TASK DIRECTIONS: A partial copy is required: transcribe exactly the lines from the one containing "Some of the words" through the last line below, without any pictures.

Collected data
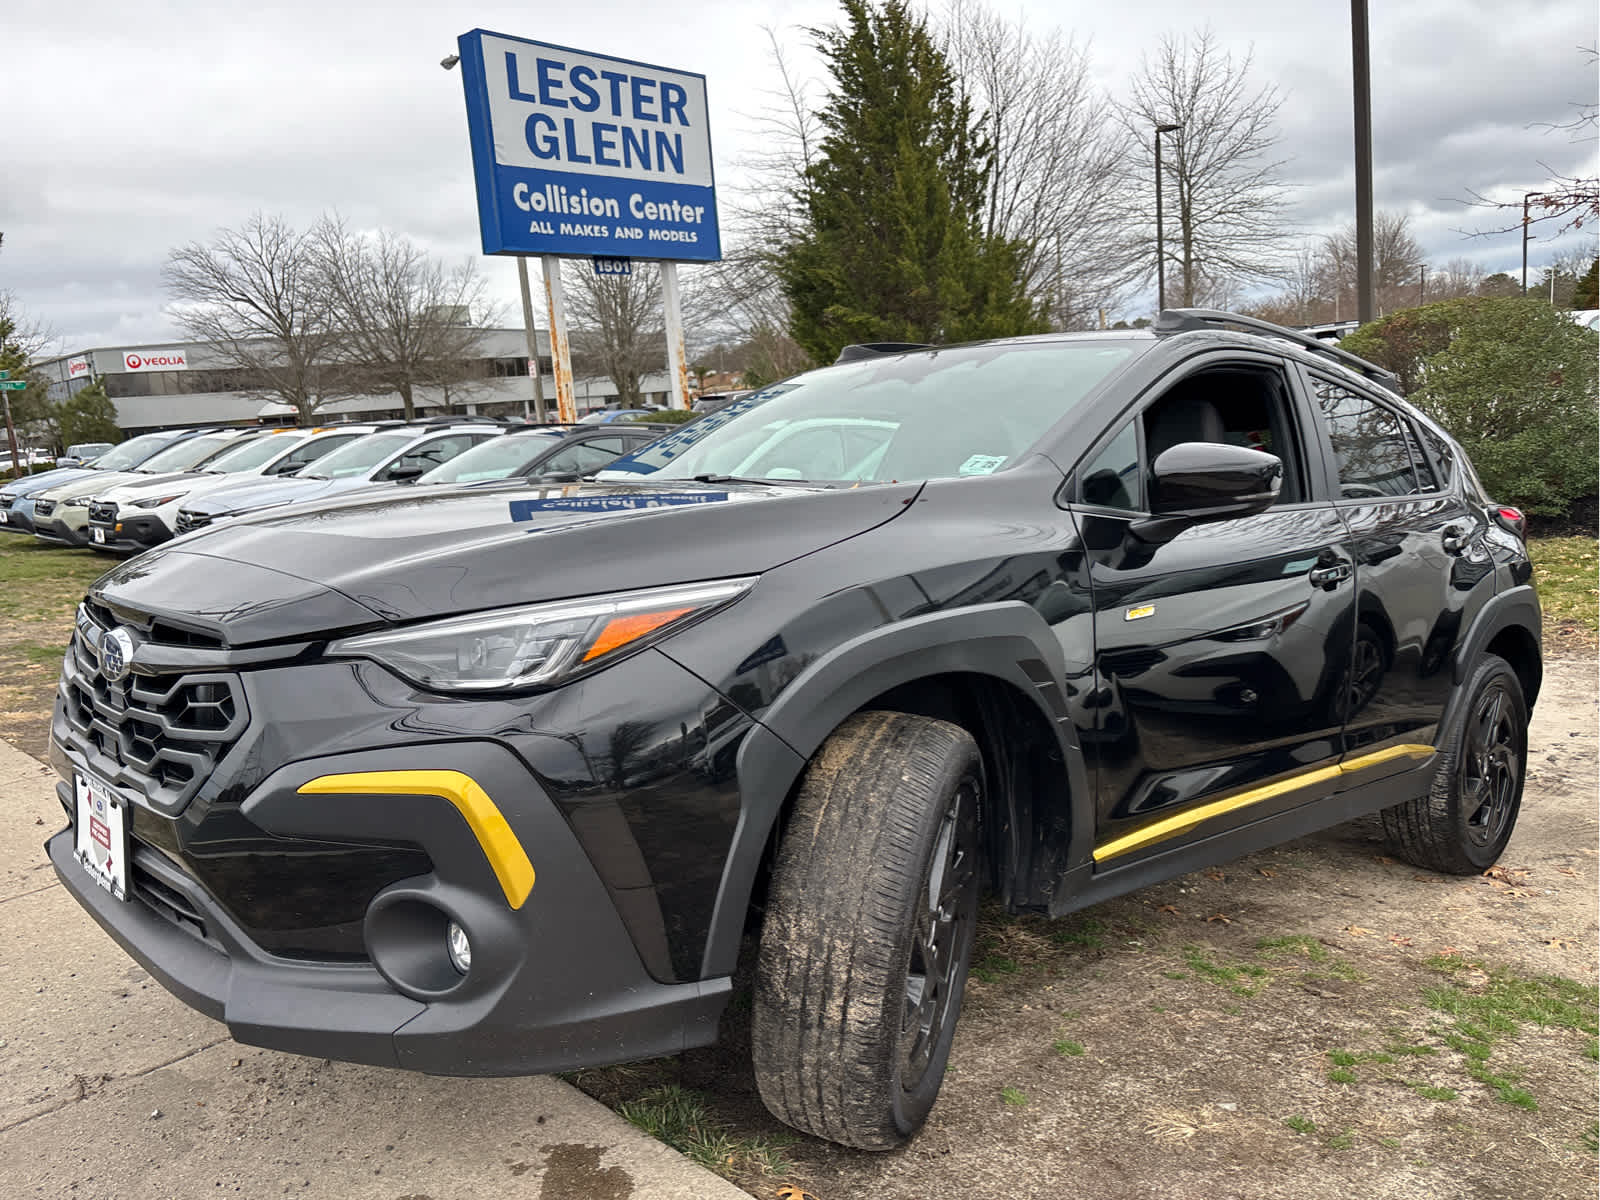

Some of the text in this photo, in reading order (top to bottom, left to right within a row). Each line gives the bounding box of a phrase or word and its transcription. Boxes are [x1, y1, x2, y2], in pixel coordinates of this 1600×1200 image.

[504, 51, 691, 127] LESTER
[524, 112, 685, 175] GLENN
[513, 182, 705, 224] Collision Center
[529, 220, 698, 243] ALL MAKES AND MODELS
[597, 260, 630, 273] 1501
[143, 356, 185, 366] VEOLIA
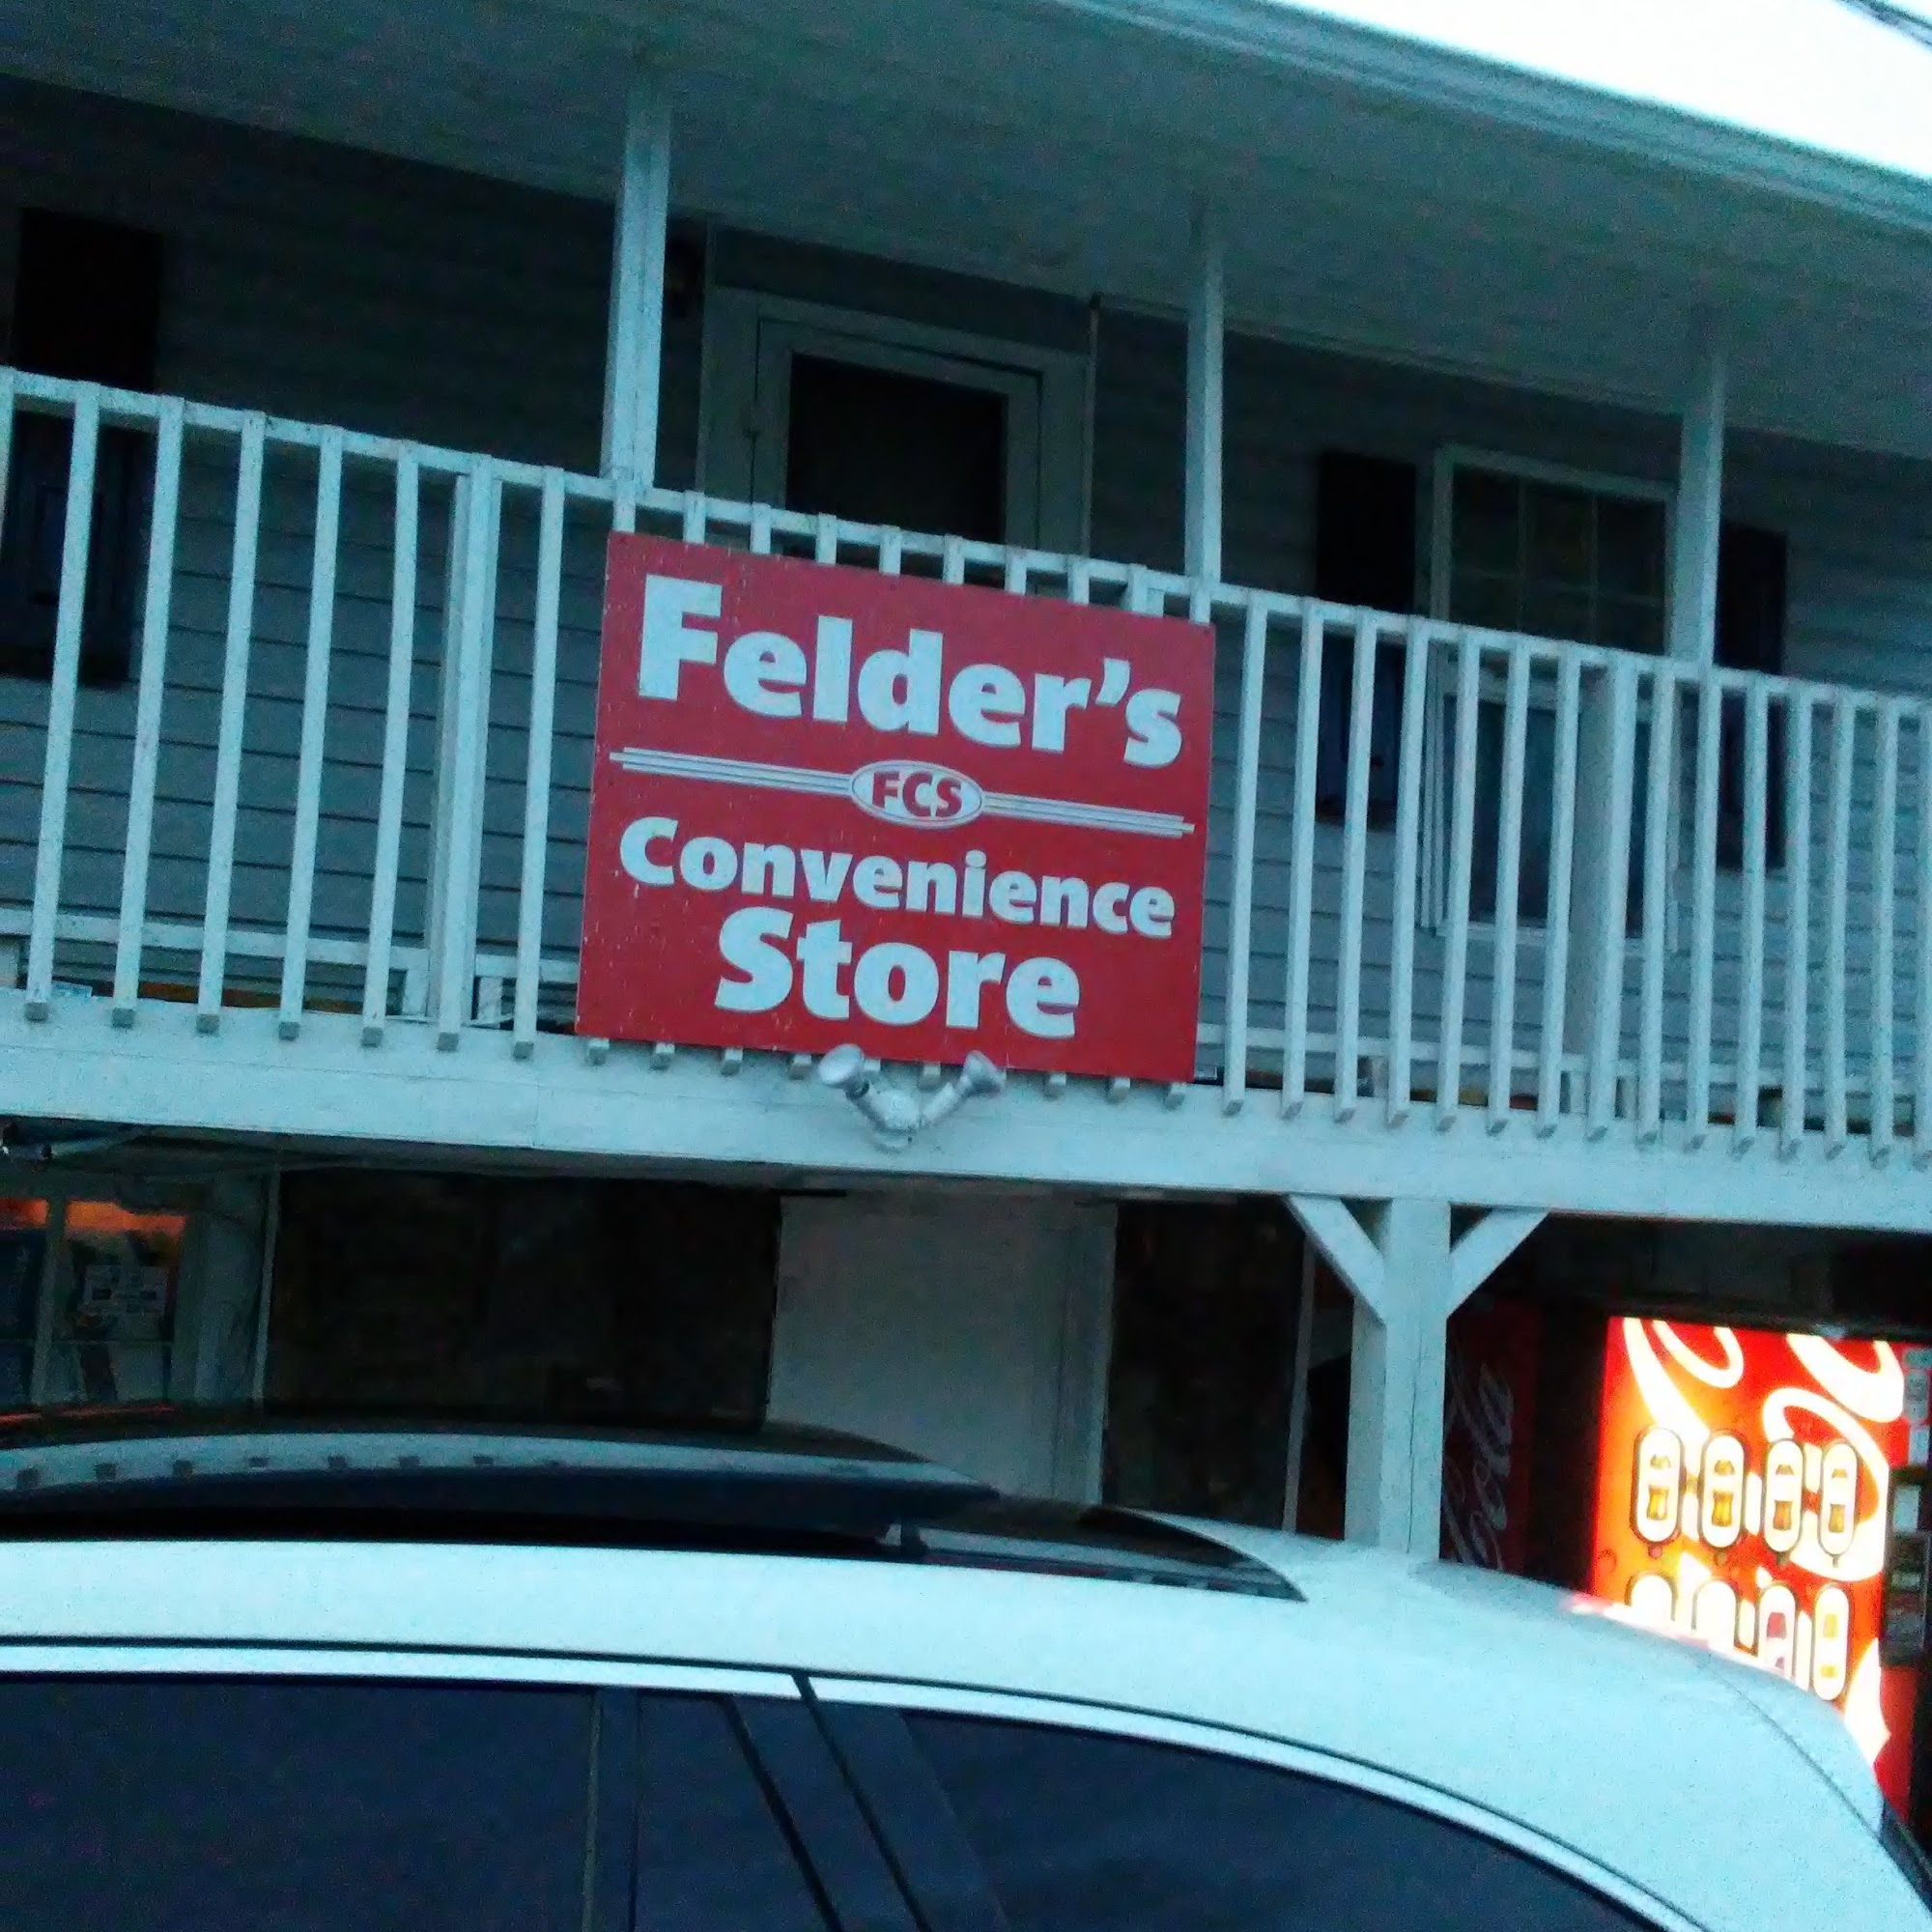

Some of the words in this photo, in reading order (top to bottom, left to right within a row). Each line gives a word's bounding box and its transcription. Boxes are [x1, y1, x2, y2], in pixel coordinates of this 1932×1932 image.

[639, 574, 1182, 767] Felder's
[872, 771, 962, 816] FCS
[619, 817, 1175, 939] Convenience
[714, 907, 1081, 1037] Store
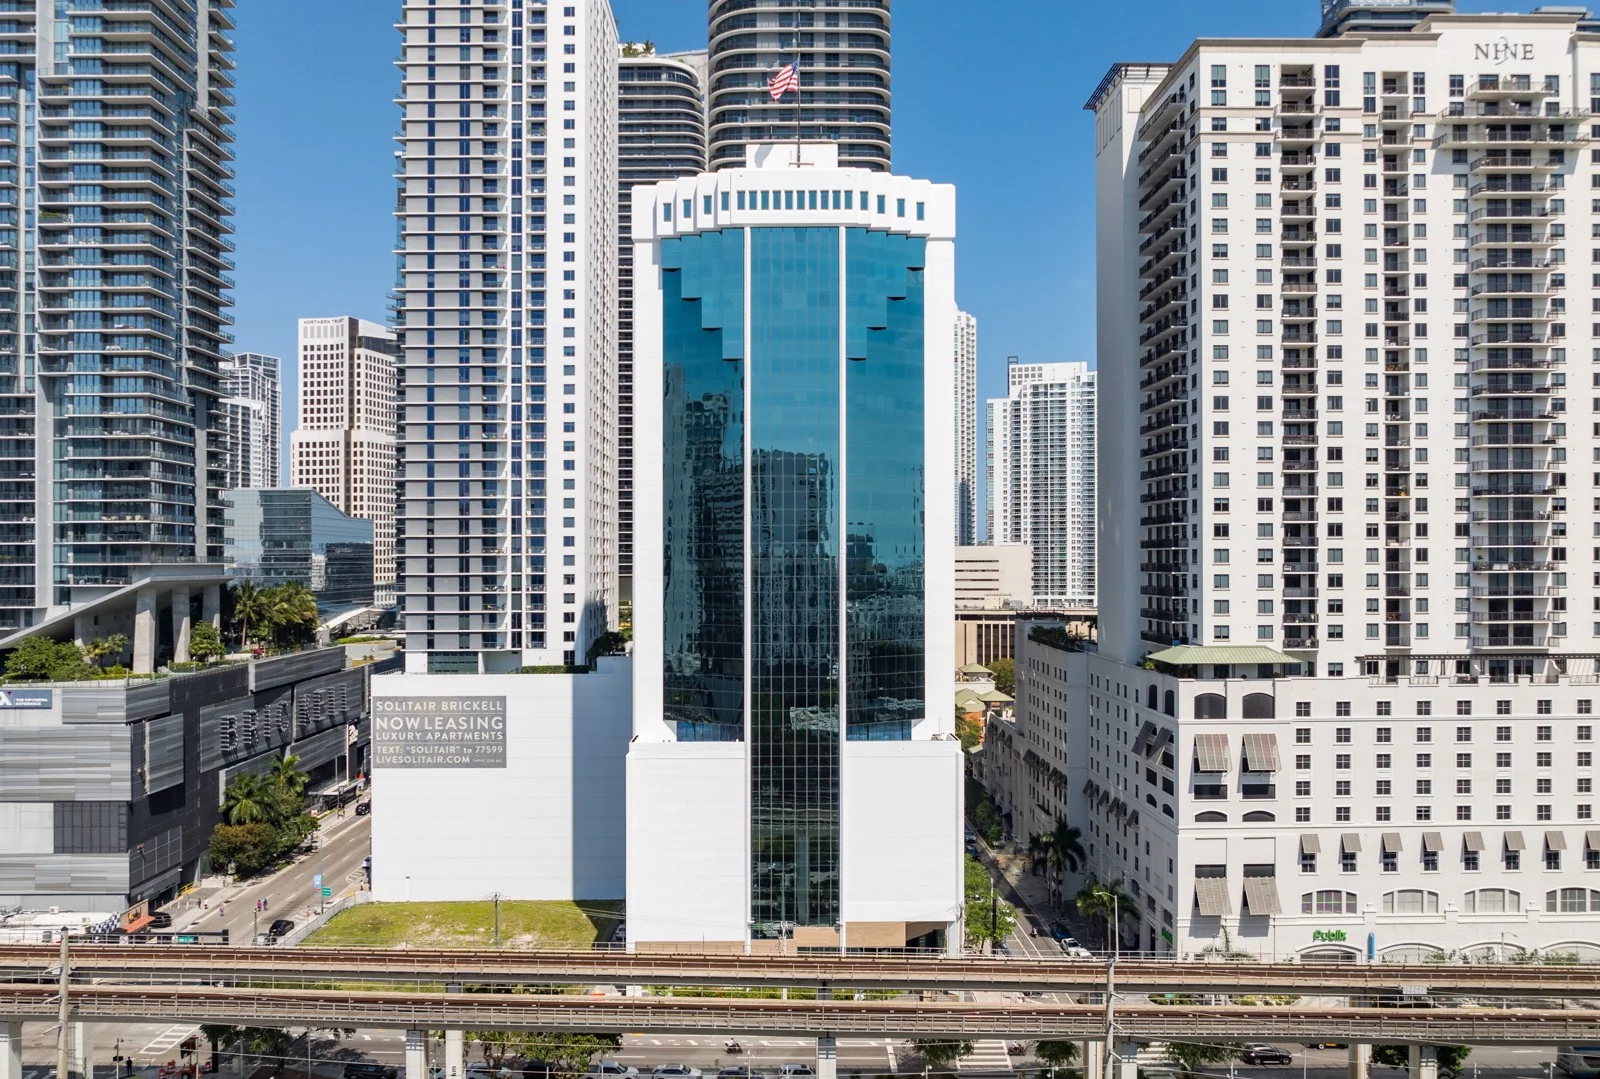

TASK OUTPUT:
Some of the words in this photo, in reading order (top to bottom, left to right within a row). Each line gives a word's bounding box and its transcription. Boxes are [x1, y1, x2, y2], in pixel coordinates of this 1932×1932 image.

[639, 574, 1182, 767] Felder's
[872, 771, 962, 816] FCS
[619, 817, 1175, 939] Convenience
[714, 907, 1081, 1037] Store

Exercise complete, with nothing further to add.